Because, as I said at the outset, the American people had an opportunity to explicitly reject Obamacare by electing Romney and they passed on that opportunity.

You are 2012 reenactor, ARM. Even if people did overwhelmingly support Obamacare then, the question is where is the support trending now.

chickelit said...

Members of Congress are pretty savvy about their own survival, ARM--you have to give them that. Try as you might, you cannot make them ignore 2014.

I'm Full of Soup said...

So it sounds like all or most of that 1.4 million came from California if the back of my envelope is correct and that does not help your case.

Beloved Commenter AReasonableMan said...

AJ Lynch said...
So it sounds like all or most of that 1.4 million came from California if the back of my envelope is correct and that does not help your case.


I would go back to that envelope. Assuming we agree on the original premise that everyone's vote should count equally.

chickelit said...

Shouldn't you be cheering the House vote to push back the individual mandate another year, ARM? House Dems voted for it in droves and it means fewer disgruntled voters in 2014.

chickelit said...

I think it was a masturful stroke by the House Dems.

edutcher said...

AnUnreasonableTroll said...

Because, as I said at the outset, the American people had an opportunity to explicitly reject Obamacare by electing Romney and they passed on that opportunity.

No, they passed on it.

That's why the Choom Gang had to crank up the vote fraud machine.

If you believe the polls, only 40% support ChomCare. With 10 point skews, that's probably quite high.

Hagar said...

"To argue that the House has a mandate to block Obamacare it is necessary to first establish that they have a mandate for anything, which is, at best, debatable."

A very odd conception of the House of Representatives' function under the United States' Constitution.

Beloved Commenter AReasonableMan said...

Let's give Peter King a say:

“This is going nowhere,” he says about the standoff with Senate Democrats. “If Obamacare is as bad as we say it’s going to be, then we should pick up a lot of seats in the next election and we should win the presidency in 2016,” he says. “This idea of going through the side door to take something you lost through the front door — to me, it’s wrong.”
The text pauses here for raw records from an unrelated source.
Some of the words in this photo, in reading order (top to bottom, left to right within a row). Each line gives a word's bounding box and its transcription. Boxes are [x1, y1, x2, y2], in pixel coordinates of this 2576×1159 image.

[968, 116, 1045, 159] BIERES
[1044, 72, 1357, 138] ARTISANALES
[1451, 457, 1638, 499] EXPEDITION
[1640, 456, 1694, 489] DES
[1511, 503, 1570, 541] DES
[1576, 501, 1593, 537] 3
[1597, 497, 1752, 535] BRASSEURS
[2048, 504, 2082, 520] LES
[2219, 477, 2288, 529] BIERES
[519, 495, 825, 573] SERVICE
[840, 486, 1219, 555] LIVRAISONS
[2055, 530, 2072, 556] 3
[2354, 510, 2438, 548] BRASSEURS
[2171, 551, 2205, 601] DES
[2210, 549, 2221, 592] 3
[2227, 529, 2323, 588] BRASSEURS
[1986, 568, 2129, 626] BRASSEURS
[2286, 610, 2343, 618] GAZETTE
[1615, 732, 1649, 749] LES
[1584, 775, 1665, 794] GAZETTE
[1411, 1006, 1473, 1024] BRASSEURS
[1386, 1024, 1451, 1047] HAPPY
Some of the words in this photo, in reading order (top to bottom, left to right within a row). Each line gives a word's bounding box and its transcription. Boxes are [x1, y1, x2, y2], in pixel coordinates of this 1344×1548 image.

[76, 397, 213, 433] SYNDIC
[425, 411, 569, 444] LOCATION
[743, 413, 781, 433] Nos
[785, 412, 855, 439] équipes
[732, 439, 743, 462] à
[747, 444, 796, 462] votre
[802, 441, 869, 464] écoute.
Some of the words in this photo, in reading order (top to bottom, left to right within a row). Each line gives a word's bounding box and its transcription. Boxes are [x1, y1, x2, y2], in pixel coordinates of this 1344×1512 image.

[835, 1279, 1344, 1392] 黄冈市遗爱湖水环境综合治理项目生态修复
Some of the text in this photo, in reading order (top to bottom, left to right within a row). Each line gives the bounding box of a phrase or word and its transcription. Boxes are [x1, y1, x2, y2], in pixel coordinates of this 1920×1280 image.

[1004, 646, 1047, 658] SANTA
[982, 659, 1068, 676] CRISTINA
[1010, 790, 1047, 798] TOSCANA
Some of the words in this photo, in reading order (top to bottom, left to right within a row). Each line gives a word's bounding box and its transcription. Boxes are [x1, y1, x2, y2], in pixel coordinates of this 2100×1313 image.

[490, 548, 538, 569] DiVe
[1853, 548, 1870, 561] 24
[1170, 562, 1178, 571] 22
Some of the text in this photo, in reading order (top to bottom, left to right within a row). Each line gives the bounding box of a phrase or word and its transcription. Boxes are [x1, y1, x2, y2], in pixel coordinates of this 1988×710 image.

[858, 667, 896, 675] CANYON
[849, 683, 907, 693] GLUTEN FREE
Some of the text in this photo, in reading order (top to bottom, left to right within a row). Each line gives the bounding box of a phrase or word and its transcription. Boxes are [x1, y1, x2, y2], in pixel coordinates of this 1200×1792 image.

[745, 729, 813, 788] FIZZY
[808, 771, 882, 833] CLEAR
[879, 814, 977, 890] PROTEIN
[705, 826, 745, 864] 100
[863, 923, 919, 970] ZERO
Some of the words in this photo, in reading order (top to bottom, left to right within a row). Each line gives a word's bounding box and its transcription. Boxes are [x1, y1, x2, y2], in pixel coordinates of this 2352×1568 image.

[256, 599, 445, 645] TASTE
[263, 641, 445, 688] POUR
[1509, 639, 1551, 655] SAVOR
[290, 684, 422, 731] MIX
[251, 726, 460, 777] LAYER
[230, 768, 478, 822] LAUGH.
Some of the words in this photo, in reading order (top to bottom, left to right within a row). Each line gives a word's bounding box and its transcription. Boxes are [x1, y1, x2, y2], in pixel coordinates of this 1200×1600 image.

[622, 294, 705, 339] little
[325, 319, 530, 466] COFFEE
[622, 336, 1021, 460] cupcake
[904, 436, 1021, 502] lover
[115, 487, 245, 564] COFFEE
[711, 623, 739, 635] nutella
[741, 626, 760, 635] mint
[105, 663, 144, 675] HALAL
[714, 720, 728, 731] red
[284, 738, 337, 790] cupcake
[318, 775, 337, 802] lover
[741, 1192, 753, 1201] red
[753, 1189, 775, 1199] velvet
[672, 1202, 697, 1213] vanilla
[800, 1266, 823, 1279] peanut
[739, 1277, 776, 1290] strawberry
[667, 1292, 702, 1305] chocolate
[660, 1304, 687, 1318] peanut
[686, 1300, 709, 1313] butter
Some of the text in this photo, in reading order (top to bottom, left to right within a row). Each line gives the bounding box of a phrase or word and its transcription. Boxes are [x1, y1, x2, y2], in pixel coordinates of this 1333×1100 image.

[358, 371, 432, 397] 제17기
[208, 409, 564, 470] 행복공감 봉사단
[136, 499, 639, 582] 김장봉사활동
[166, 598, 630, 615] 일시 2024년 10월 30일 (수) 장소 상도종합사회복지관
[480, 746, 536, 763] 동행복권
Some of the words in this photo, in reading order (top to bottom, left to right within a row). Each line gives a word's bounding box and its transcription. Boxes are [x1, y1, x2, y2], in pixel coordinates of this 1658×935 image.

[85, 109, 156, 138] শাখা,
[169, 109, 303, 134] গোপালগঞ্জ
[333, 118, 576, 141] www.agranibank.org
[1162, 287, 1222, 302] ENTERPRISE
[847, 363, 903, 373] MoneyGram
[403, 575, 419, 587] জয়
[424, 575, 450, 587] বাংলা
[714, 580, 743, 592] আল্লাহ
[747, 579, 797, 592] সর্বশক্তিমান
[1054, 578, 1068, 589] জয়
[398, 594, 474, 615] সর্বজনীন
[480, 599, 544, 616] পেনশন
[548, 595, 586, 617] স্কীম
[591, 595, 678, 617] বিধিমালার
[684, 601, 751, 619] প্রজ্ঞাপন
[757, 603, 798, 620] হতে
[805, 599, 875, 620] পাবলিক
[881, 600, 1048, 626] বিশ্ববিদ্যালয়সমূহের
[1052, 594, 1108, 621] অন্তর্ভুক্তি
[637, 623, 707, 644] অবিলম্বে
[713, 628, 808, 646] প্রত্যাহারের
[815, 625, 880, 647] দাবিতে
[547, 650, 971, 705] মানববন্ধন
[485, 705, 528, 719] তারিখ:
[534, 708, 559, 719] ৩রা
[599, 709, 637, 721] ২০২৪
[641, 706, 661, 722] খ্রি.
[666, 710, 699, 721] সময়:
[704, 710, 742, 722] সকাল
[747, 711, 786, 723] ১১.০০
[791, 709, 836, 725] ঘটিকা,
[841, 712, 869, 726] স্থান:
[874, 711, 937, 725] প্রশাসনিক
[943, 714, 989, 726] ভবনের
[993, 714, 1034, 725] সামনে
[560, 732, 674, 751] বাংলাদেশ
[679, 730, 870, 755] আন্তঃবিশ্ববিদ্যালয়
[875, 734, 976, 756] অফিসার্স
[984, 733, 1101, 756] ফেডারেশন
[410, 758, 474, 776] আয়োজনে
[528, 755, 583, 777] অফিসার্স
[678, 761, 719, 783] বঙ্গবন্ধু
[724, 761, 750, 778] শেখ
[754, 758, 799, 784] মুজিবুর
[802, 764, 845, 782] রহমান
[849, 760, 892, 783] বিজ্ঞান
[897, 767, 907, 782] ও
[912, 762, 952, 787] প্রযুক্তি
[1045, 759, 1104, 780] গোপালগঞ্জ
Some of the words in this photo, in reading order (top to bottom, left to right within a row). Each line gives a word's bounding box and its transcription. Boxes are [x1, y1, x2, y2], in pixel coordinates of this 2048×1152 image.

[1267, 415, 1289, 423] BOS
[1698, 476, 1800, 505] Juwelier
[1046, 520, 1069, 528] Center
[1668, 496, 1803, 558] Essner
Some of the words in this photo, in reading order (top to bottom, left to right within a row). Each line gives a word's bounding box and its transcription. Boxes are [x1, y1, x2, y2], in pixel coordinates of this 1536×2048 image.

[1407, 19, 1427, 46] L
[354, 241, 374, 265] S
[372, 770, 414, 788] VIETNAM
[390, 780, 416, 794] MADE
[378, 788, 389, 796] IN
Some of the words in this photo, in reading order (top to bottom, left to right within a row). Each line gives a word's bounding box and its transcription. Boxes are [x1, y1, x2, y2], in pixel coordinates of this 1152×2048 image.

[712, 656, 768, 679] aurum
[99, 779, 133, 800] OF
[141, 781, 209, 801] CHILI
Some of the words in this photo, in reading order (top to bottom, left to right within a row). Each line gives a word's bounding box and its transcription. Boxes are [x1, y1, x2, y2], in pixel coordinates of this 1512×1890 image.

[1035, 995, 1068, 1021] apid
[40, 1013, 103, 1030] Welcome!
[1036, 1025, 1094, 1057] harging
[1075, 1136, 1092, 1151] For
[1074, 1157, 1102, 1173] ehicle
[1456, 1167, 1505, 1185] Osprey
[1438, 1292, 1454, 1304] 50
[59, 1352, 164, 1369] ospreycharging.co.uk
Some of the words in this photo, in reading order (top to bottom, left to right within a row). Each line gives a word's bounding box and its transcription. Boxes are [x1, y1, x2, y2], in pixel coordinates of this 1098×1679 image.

Can't argue with that, given that I said the same thing the other day.

JAL said...

I don't have to read anything more than Calypso's comment, #1.

What is all this crap about the Republicans not being willing to negotiate??

Obama hands out "home free" favors on Obamacare to his buddies like a mobster, while leaving in place taxes on pacemakers and hearing aids and holding a gun to the heads of average citizens and small businesses.

Seen flow chart?

This will not end well.

Matt Sablan said...

Just a reminder on the compromises offered by Republicans:

1. Starting position: Defund ACA.

2. Fine, we'll just delay it.

3. Ok, whatever. If you still won't talk, let's at least say that Congress is subject to the ACA.

4. What? You won't even give us THAT? Fine, then let's at least not raise prices on hearing aids and pacemakers.

5. Seriously, you want poor people to pay MORE for medical devices? Ok, uh, can we have a week to come up with new terms?

6. Really -- you won't even do that? I give up. Fine. You win: Shut it down.

Leland said...

Obama hands out "home free" favors on Obamacare to his buddies like a mobster, while leaving in place taxes on pacemakers and hearing aids and holding a gun to the heads of average citizens and small businesses.

Indeed. And Reid rather shutdown the government than require Congressional staffers to use Obamacare.

To Reid, ACA is good enough for the poor and middle class, but not sufficient for the political class.